MALCOLM, J.: CASE DIGEST BY: KIRSTIE BARRION Facts: Vicente Madrigal and Susana Paterno were legally. The marriage was contracted under the provisions of law concerning conjugal partnerships (sociedad de gananciales.). On February 25, 1915, Vicente Madrigal filed sworn declaration with the Collector of Internal Revenue, showing, as his total net income for the year 1914, the sum of P296,302.73. Subsequently Madrigal submitted the claim that the said P296,302.73 did not represent his income for the year 1914, but was in fact the income of the conjugal partnership existing between himself and his wife Susana Paterno, and that in computing and assessing the additional income tax provided by the Act of Congress of October 3, 1913, the income declared by Vicente Madrigal should be divided into two equal parts, one-half to be considered the income of Vicente Madrigal and the other half of Susana Paterno.
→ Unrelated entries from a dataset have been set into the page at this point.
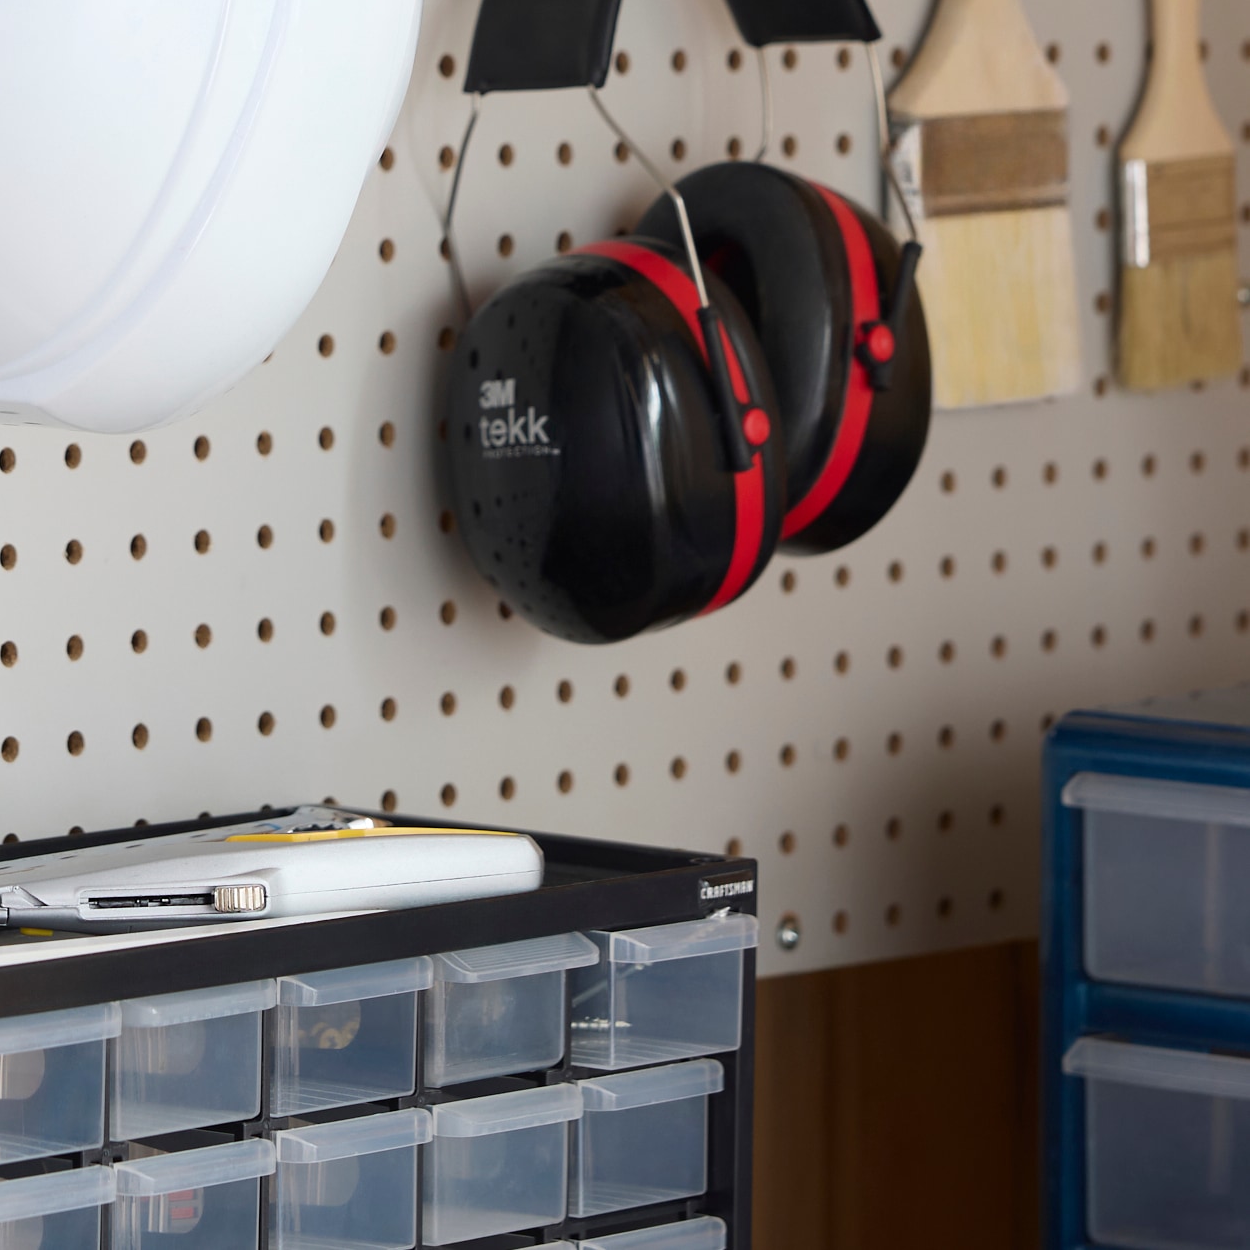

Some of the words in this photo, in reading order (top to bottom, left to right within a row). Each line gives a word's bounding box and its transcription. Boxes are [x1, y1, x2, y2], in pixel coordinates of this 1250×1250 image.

[478, 377, 516, 410] 3M
[478, 406, 550, 448] tekk
[700, 879, 754, 900] CRAFTSMAN
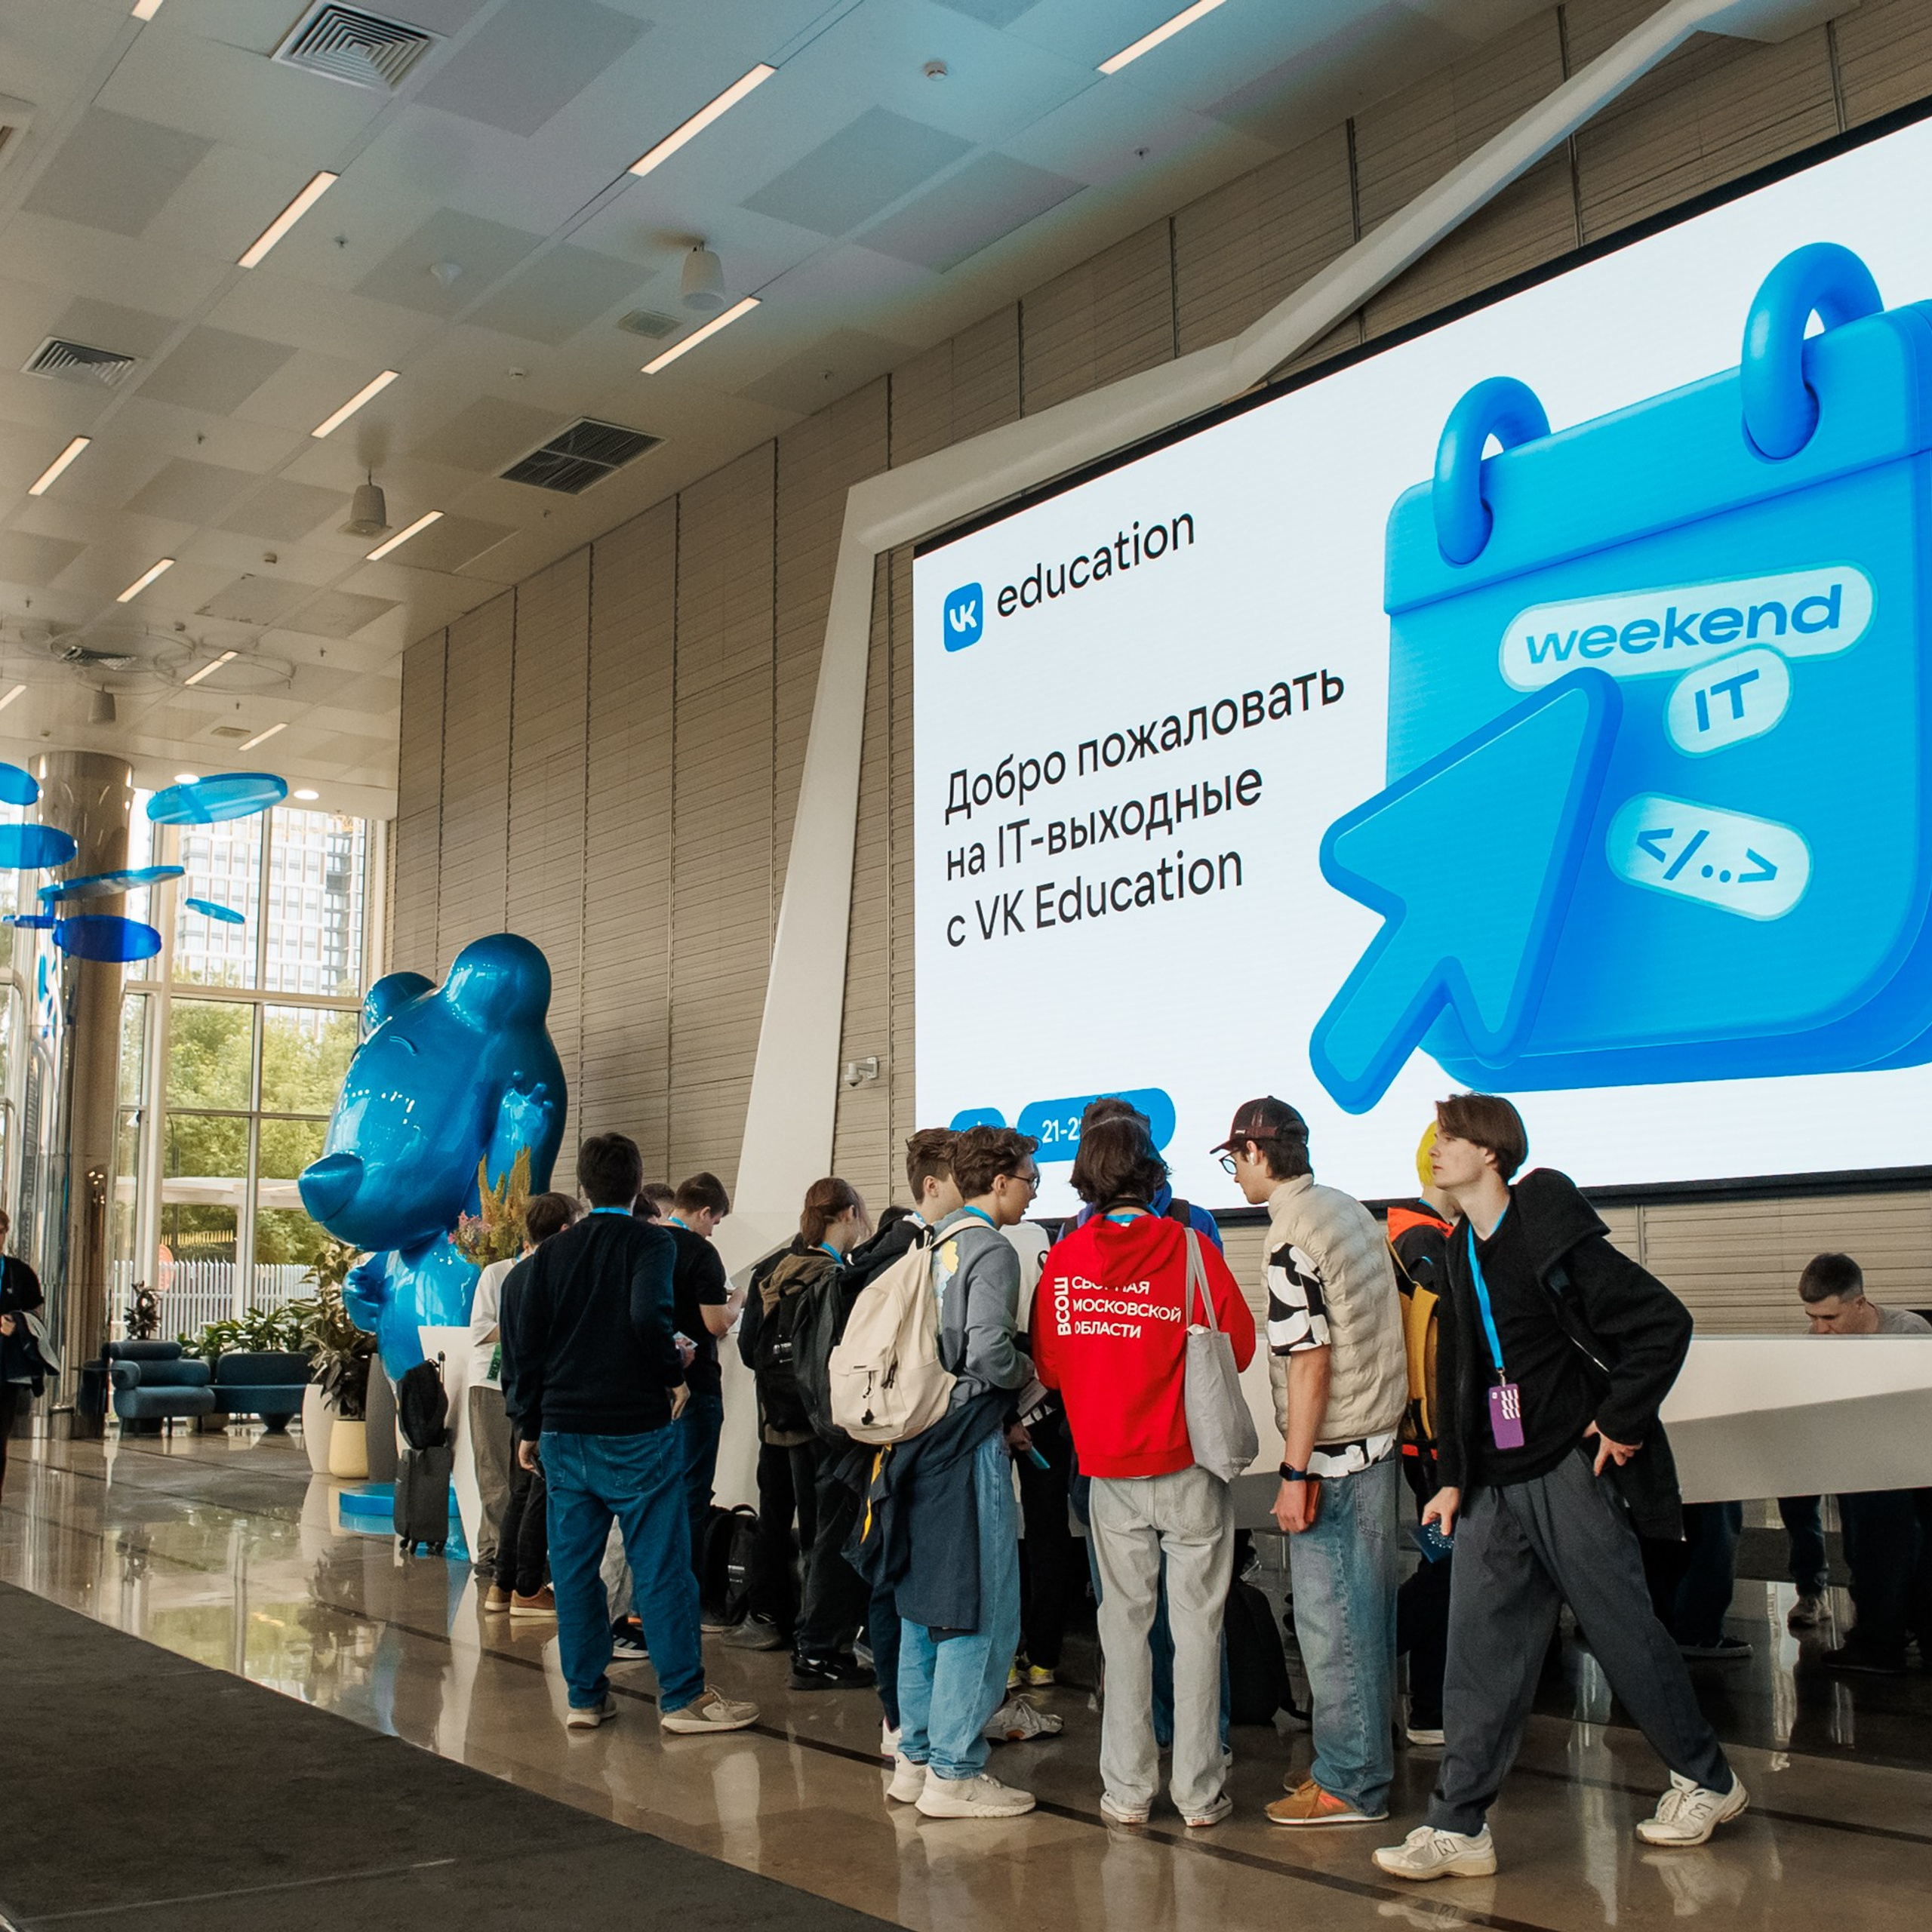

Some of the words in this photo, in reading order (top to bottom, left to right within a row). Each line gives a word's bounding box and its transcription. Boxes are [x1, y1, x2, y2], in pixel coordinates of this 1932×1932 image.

[949, 599, 978, 633] VK
[997, 513, 1195, 617] education
[1526, 583, 1843, 664] weekend
[1694, 669, 1760, 733] IT
[945, 753, 1066, 825] Добро
[1078, 668, 1345, 777] пожаловать
[946, 842, 986, 881] на
[998, 768, 1263, 869] IT-выходные
[946, 915, 966, 948] с
[975, 889, 1026, 941] VK
[1035, 848, 1243, 930] Education
[1041, 1116, 1081, 1143] 21-2
[1054, 1276, 1072, 1337] ВСОШ
[1072, 1298, 1182, 1323] МОСКОВСКОЙ
The revenue officer was not satisfied with Madrigals explanation and ultimately, the United States Commissioner of Internal Revenue decided against the claim of Madrigal. Madrigal paid under protest, and the couple decided to recover the sum of P3,786.08 alleged to have been wrongfully and illegally assessed and collected by the CIR.
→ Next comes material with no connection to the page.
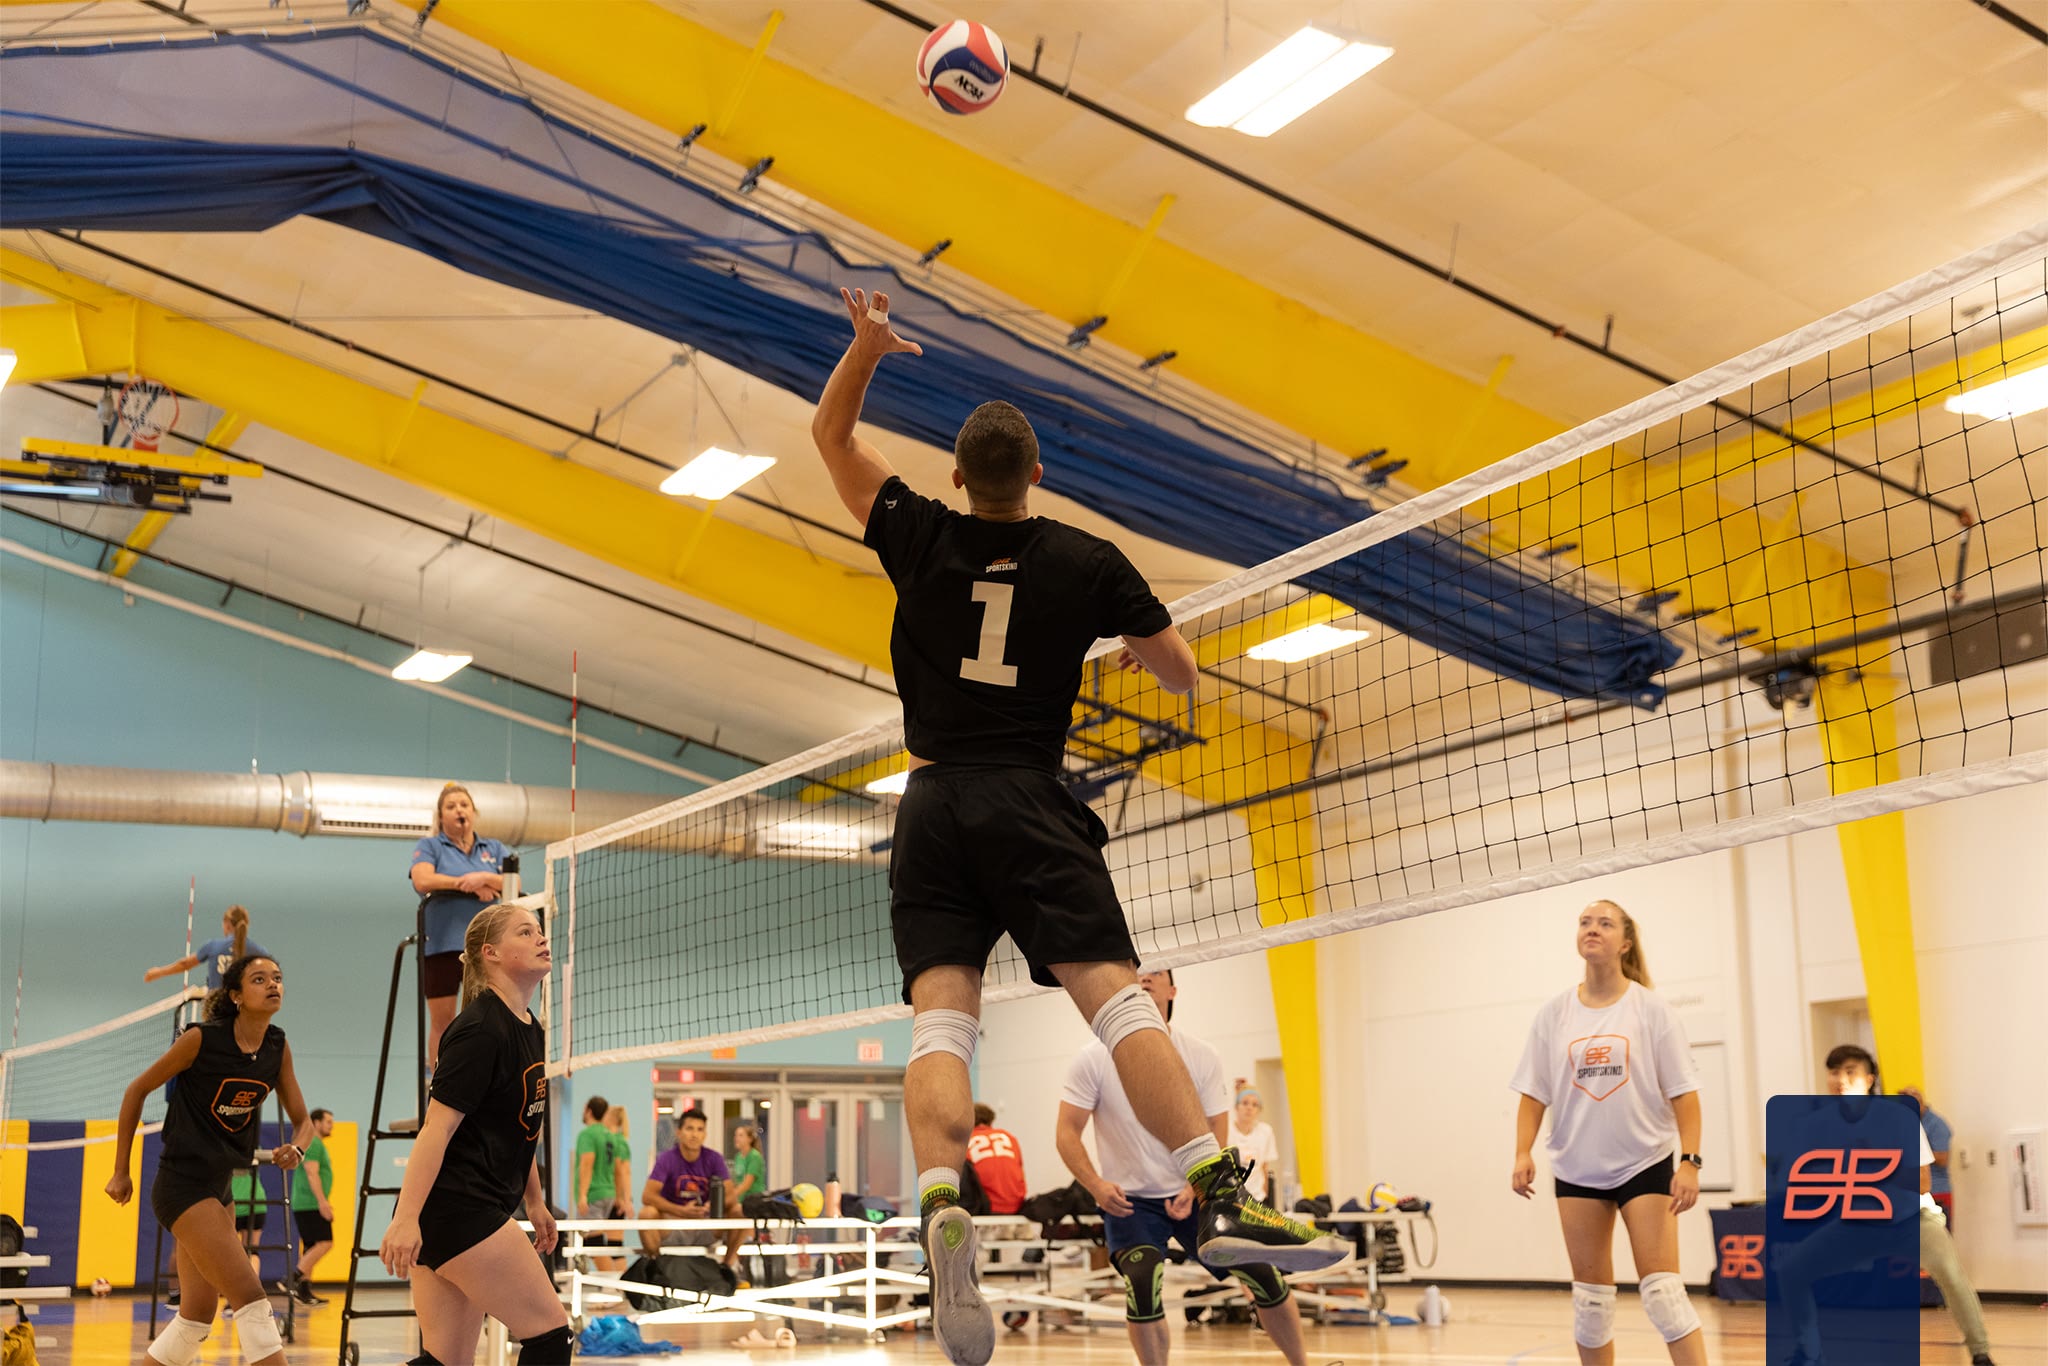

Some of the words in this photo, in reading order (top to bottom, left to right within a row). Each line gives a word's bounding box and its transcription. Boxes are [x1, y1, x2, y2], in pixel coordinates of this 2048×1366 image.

[985, 562, 1018, 573] SPORTSKIND
[959, 581, 1018, 687] 1
[1577, 1065, 1623, 1079] SPORTSKIND
[968, 1132, 1016, 1163] 22
Issue: Whether or not the income reported by Madrigal on 1915 should be divided into 2 in computing for the additional income tax because of the conjugal partnership. Held: The learned argument of counsel is mostly based upon the provisions of the Civil Code establishing the sociedad de gananciales. The counter contentions of appellees are that the taxes imposed by the Income Tax Law are as the name implies taxes upon income tax and not upon capital and property; that the fact that Madrigal was a married man, and his marriage contracted under the provisions governing the conjugal partnership, has no bearing on income considered as income, and that the distinction must be drawn between the ordinary form of commercial partnership and the conjugal partnership of spouses resulting from the relation of marriage. The Supreme Court ruled against the Madrigals. To recapitulate, Madrigal wants to divide into half his declared income in computing for his tax since he is arguing that he has a conjugal partnership with his wife. However, the court ruled that the one that should be taxed is the income which is the flow of the capital, thus it should not be divided into 2. Susana Paterno, wife of Vicente Madrigal, has an inchoate right in the property of her husband Vicente Madrigal during the life of the conjugal partnership. She has an interest in the ultimate

property rights and in the ultimate ownership of property acquired as income after such income has become capital. Susana Paterno has no absolute right to one-half the income of the conjugal partnership. Not being seized of a separate estate, Susana Paterno cannot make a separate return in order to receive the benefit of the exemption which would arise by reason of the additional tax. As she has no estate and income, actually and legally vested in her and entirely distinct from her husband's property, the income cannot properly be considered the separate income of the wife for the purposes of the additional tax. Moreover, the Income Tax Law does not look on the spouses as individual partners in an ordinary partnership. The husband and wife are only entitled to the exemption of P8,000 specifically granted by the law. The higher schedules of the additional tax directed at the incomes of the wealthy may not be partially defeated by reliance on provisions in our Civil Code dealing with the conjugal partnership and having no application to the Income Tax Law. The aims and purposes of the Income Tax Law must be given effect. In connection with the decision above quoted, it is well to recall a few basic ideas. The Income Tax Law was drafted by the Congress of the United States and has been by the Congress extended to the Philippine Islands. Being thus a law of American origin and being peculiarly intricate in its provisions, the authoritative decision of the official who is charged with enforcing it has peculiar force for the Philippines. It has come to be a well-settled rule that great weight should be given to the construction placed upon a revenue law, whose meaning is doubtful, by the department charged with its execution.